With an almighty roar, the Arc speedboat blasted its way up _Ursas' Tooth,_ miles and miles' worth of pent-up, breakneck momentum rocketing it up the incline and launching it skyward from the rocky apex. The boat soared high into the air like a dust missile; scything amongst the Nevermore inside of a second, flattening several of the soulless predators against the crushing prow. What the boat itself did not reap of their prey, Coco and Velvet were more than happy to sow destruction unto. Coco's minigun and Velvet's clone weapon blasted a volley of pure, dust-laden death into the remaining Grimm, culling them all in a single broadside; ebony feathers raining down to earth like the final, beautiful notes of a macabre concerto.

Nora had no words for what she had just witnessed. She didn't think she ever would. All that came to mind to describe the poetic brilliance of Team CFVY's entrance, as the boat crashed back to earth, skidding up the Town's main thoroughfare; with Coco, not even holding onto the railings, removing her trademark sunglasses and waving them aloft in salute.

'That…' Nora mouthed, 'was awesome.'

o-o-o-o

They sprinted through the winding halls of the Schnee mansion like the hounds of hell barked at their heels. They ducked around corners, gunfire chipping off gouts of paintwork and priceless marble as their pursuers sought to run them down, always eluded, always denied their chance at vengeance by a hairs' breadth.

Blake couldn't read Weiss' expression, it was locked somewhere between shock, relief and pure dread as they fled through her ruined home. Her aura had healed the wound that Blake had been forced to deliver, or at least it had done as much as it could to reknit the muscle – the bullet was still in there and still aching, that much she could tell from the grimace that teased the corners of Weiss' mouth. Guilt speared through Blake even now; she'd had to do it, she'd hated herself for pulling that trigger, but she needed the Lieutenant to believe her deception long enough to take his mind off her. From the moment she'd realised exactly where she was, instead of where Adam had created an entire convoluted attack plan to trick her into thinking she was going, she had been looking for a way out. She'd run back to the White Fang to buy her friends' lives with her own servitude. Now she knew that no price she could pay was worth more than her suffering in the eyes of the monster that had once been her partner.

She had hoped that she could sell her life on some far off battlefield under the White Fang's banner, and thus purchase a long and safe existence for Weiss, for Ruby…

…for Yang…

 _She fell, gracefully in defeat, beautiful in tragedy. She fell, one arm sprinkling molten flakes of aura into the breeze as her soul struggled to cope with the shock of the injury. Even then, she was still fluid, still precise, still poetic in her every movement as she crashed to earth.
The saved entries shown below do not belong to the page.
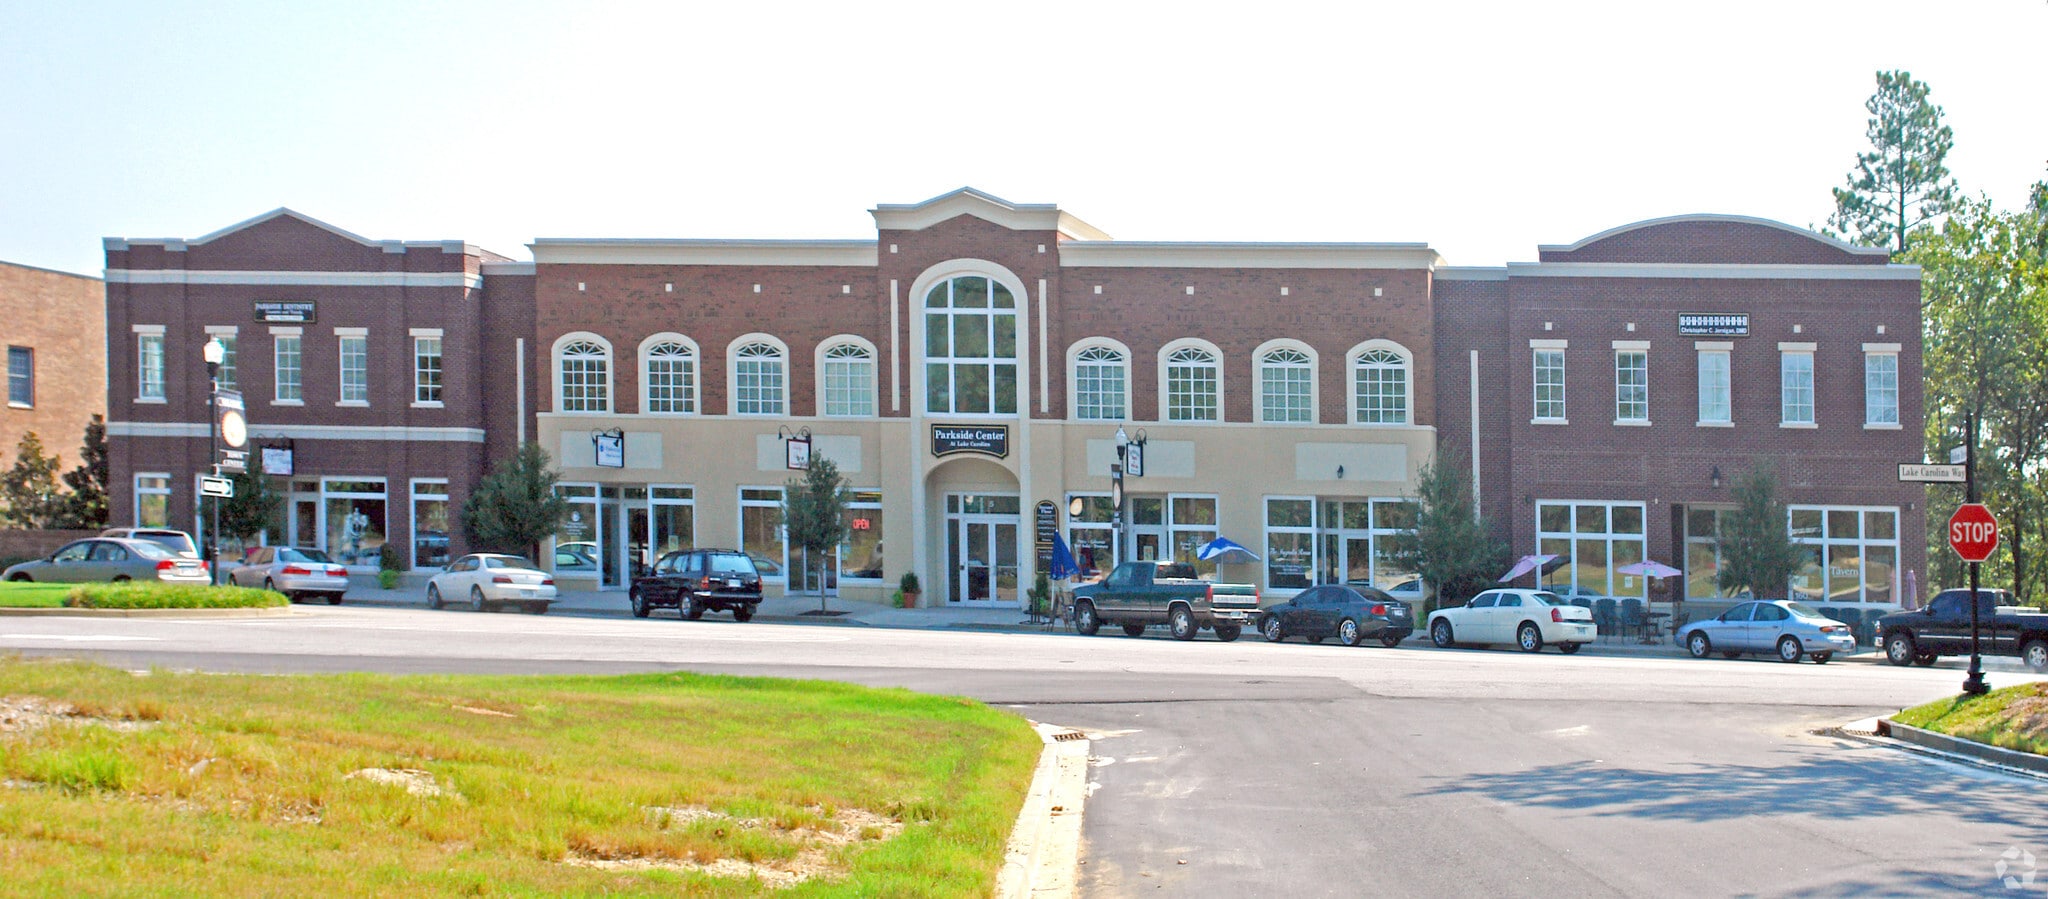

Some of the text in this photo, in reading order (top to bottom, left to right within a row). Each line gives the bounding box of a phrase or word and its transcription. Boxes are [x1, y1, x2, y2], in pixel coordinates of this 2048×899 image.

[935, 430, 1004, 440] Parkside Center
[1902, 467, 1965, 479] Lake Carolina Way
[852, 518, 870, 529] OPEN
[1952, 522, 1995, 543] STOP
[1830, 566, 1859, 576] Tavern
She was the most beautiful creature Blake had ever witnessed, realized now in agonizing glory as though the sudden, gut wrenching pain in Blake's heart had painted itself onto the canvas of a master artist. The girl that had fought back to back with her in the Emerald Forest, the gentle soul who had coaxed her from her self-destructive soliloquy with the intense fire of passion and the caressing warmth of empathy. The girl who'd taken her first dance, and though Sun had had the honour of making her laugh all evening, had still been the first to bring her to life on the floor. The one who had been there for her even when Sun couldn't relate, couldn't understand, couldn't know her pain. The girl she had grown to love clattered to the ground with the finality of destiny itself._

' _I will destroy everything you love, starting with her.'_

She had been wrong, she saw that now. And as she had brought Gambol Shroud down on the Lieutenant's exposed neck, as she had forever severed herself from her past, never to return no matter how painful the future may be, she had sworn one all-important vow.
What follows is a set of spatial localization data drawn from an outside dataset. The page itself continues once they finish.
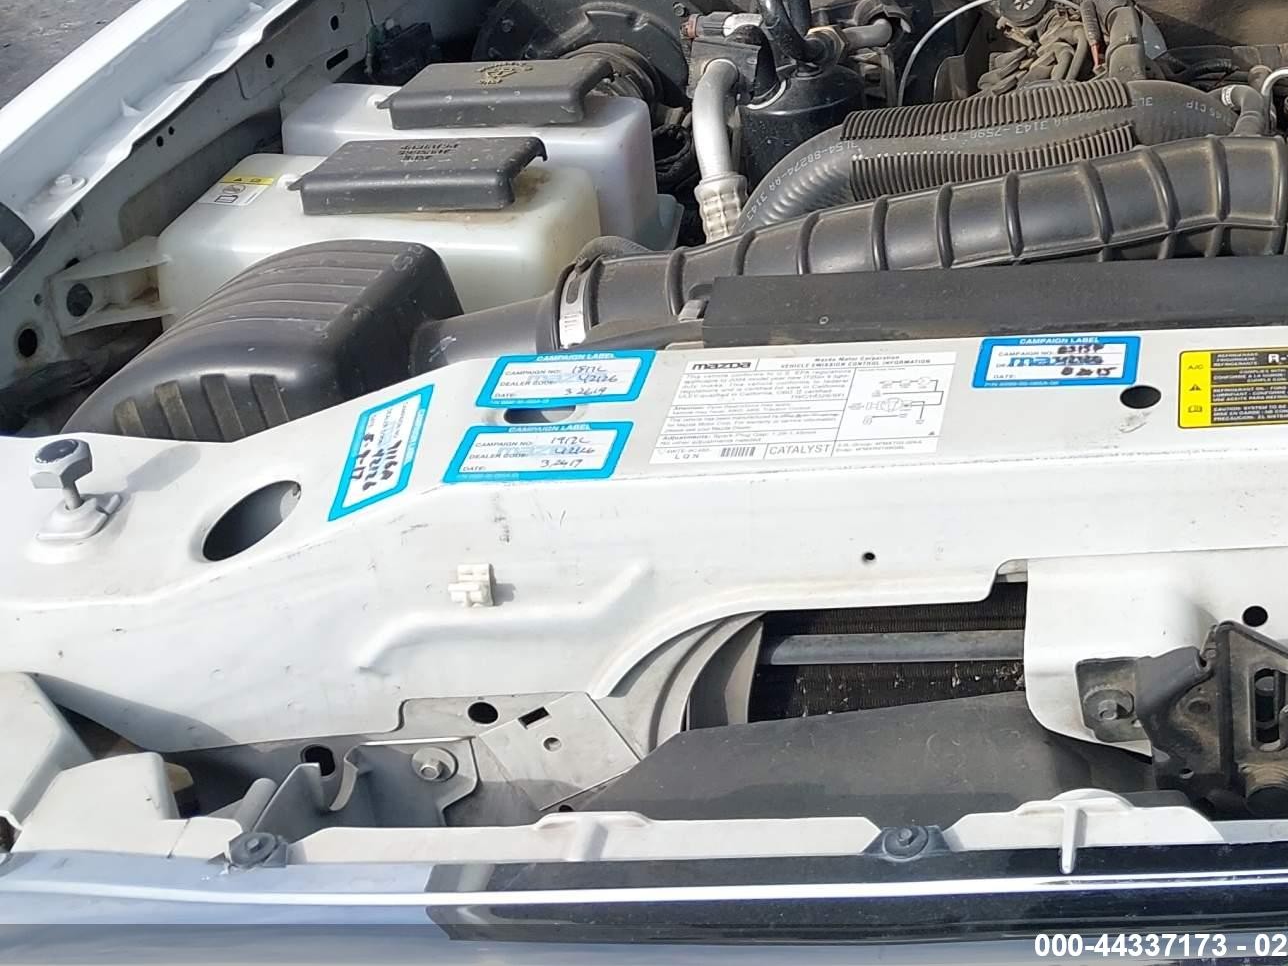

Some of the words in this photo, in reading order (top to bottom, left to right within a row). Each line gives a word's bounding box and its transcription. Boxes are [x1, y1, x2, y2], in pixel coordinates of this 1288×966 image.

[1019, 337, 1069, 345] CAMPAIGN
[1070, 336, 1101, 344] LABEL
[536, 354, 587, 362] CAMPAIGN
[691, 361, 752, 371] mazda
[509, 425, 560, 433] CAMPAIGN
[769, 444, 831, 455] CATALYST
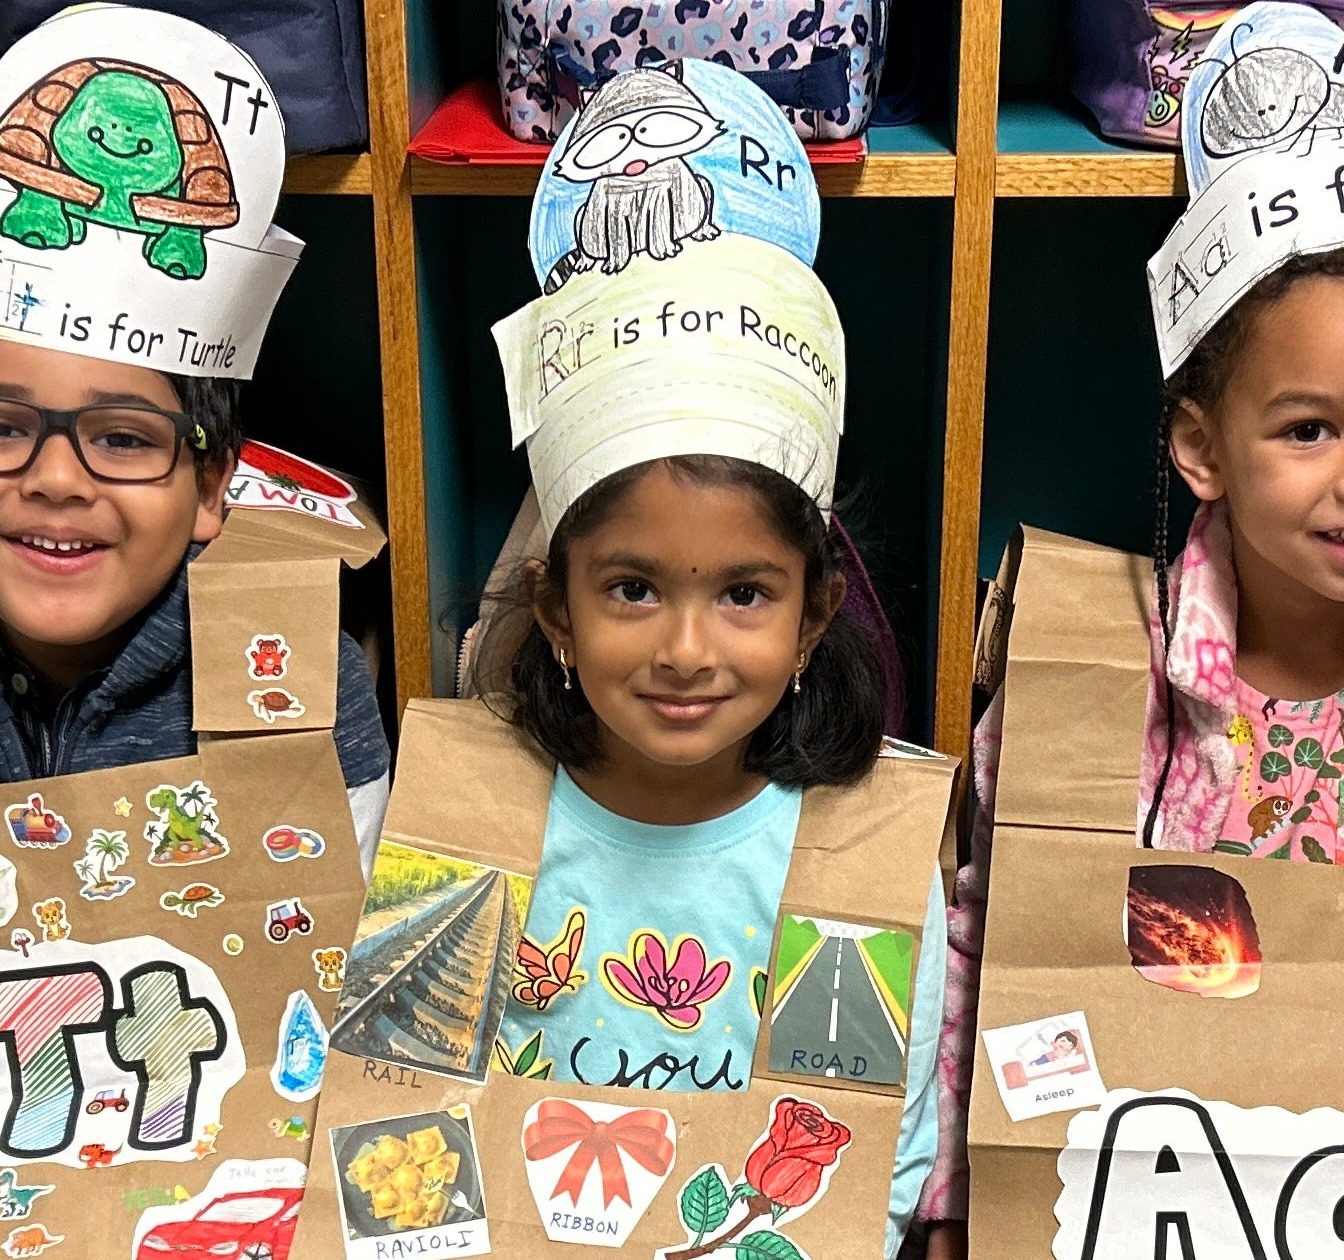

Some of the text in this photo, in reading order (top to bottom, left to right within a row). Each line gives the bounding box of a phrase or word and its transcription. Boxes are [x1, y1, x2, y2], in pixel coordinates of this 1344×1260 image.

[214, 70, 269, 135] Tt
[739, 134, 796, 192] Rr
[1247, 188, 1299, 237] is
[60, 303, 92, 342] is
[108, 312, 164, 358] for
[177, 327, 237, 369] Turtle
[613, 317, 641, 349] is
[656, 301, 724, 337] for
[740, 305, 837, 403] Raccoon
[228, 480, 353, 525] TOMA
[362, 1060, 423, 1089] RAIL
[791, 1049, 868, 1077] ROAD
[1034, 1086, 1075, 1104] Asleep
[376, 1229, 474, 1260] RAVIOLI
[550, 1211, 619, 1236] RIBBON
Adam Taurus would take her loved ones over her dead body, and not a second sooner. 

They burst through the doors of the main foyer, catching the assembled White Fang by surprise. It was Winter who reacted first, charging ahead of her compatriots, blade whipping through the necks of the first two Faunus guards before they had even realised she was there. Blake leapt through the air as the first barks of gunfire roared back at them, spiralling over the blazing bullets, Gambol Shroud answering them with a single gunshot as she flipped through space, the round felling three more commandos, their heads exploding in turn like grisly fireworks. Myrtenaster continued it's grim tally as Weiss dived into the fray, rolling under the staccato gunshots to hamstring and gut their fanatical foes left, right and centre. The room was chaos, White Fang soldiers scrambling in vain to defend themselves against the sudden onslaught of the traitor in their midst and the Schnee sisters. Screams were cut short by the graceful strikes of Weiss and Winter, severing jugulars and punching through eye sockets, whilst each solitary, _crack_ of Gambol Shroud's hand-cannon blew out another skull, punctured another lung, and rent through another heart.
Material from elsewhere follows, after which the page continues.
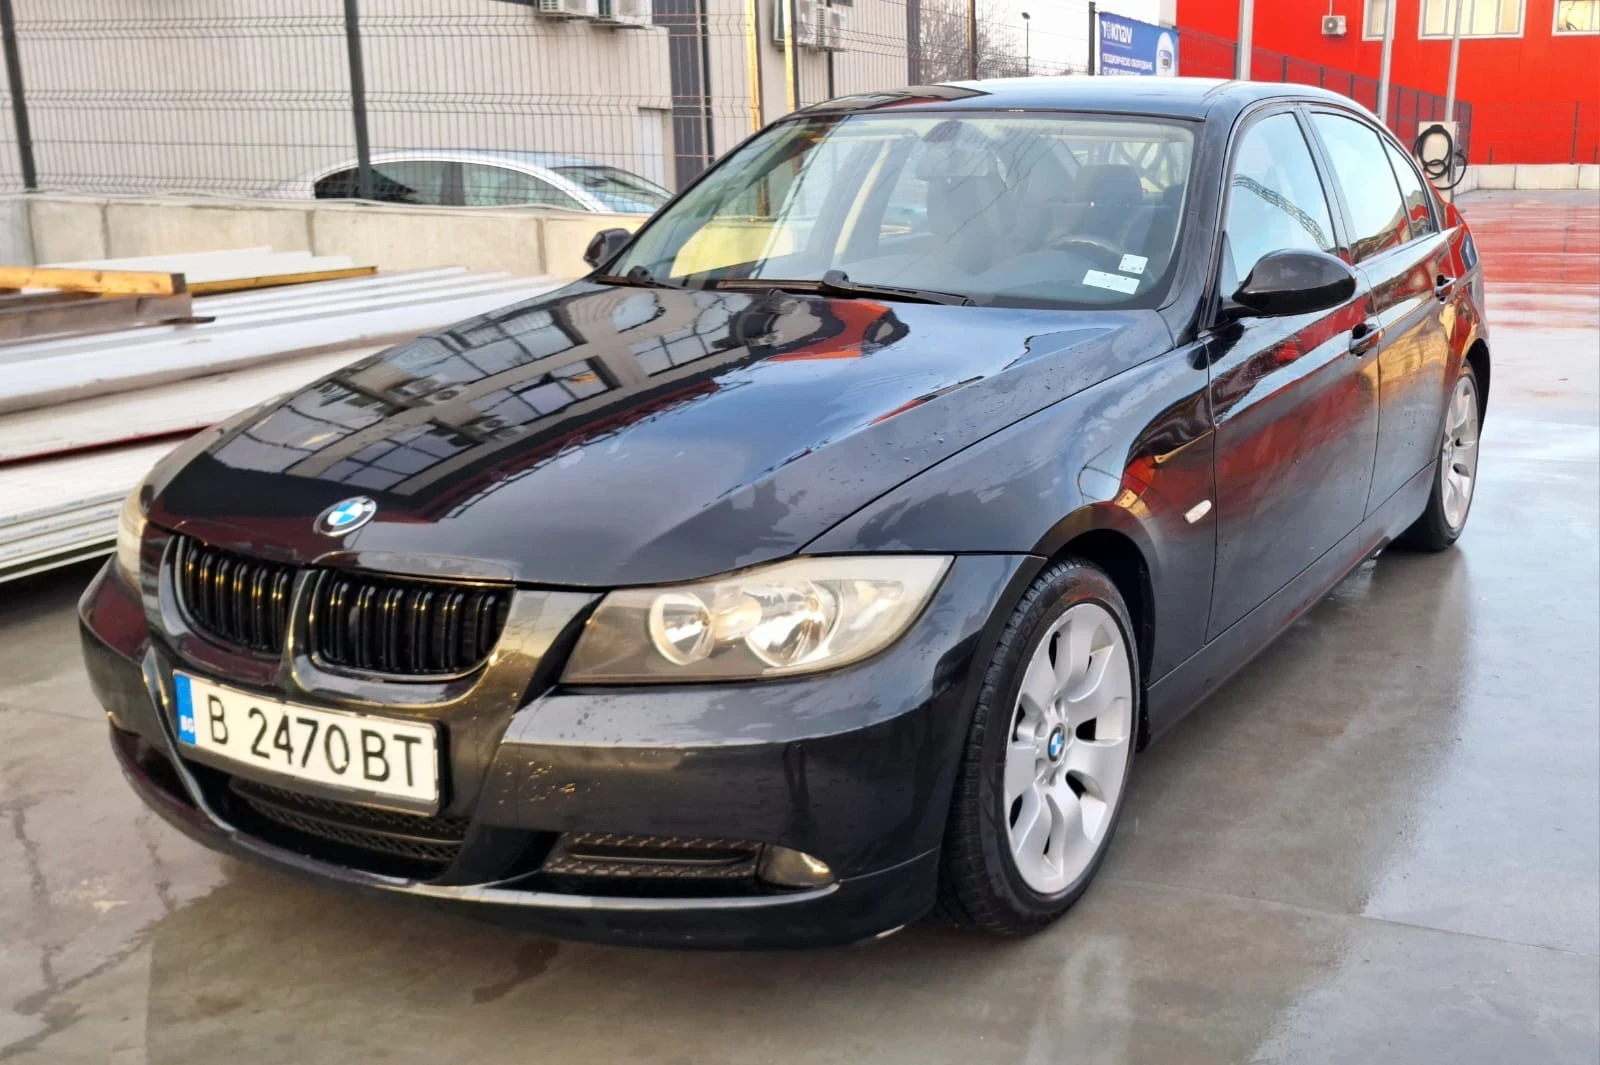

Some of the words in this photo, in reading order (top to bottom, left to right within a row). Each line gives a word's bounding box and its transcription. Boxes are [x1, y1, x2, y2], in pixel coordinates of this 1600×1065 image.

Blake was by no means numb to the pain she was creating. She felt for the poor fools that Adam had roped along in his fanatical madness, with each life she took, she prayed to Gods she had long since stopped believing in that they found peace in the next life. A peace this world had denied them so much they had sought out Adam to cure it, only for him to fan the flames of the firestorm. Blood that wasn't hers stung her face, viscera slicked the marble floor, the scent of death hung in the air, but Blake kept killing. Cursing Adam's name with every gunshot, every sword thrust and every deadly swing, holding back her tears behind a veil of pained fury, Blake fought on.

The last commando fell with Myrtenaster puncturing his windpipe, gurgling and choking on his final breath for one last agonized moment, before collapsing. To their credit, none of the rebels had dared to beg for mercy, none had tried to run. They had died on their feet.

 _Like Huntsmen…_ the thought came to Blake faster than she could guard against the emotive blow that came with it. She sagged to her knees amidst the corpses, her breath teasing it's way out of her in a defeated sigh. The tears would not fall, they did not need to. The sheer pointlessness of all the death she was surrounded by had ensconced her soul in ways crying could never do justice to.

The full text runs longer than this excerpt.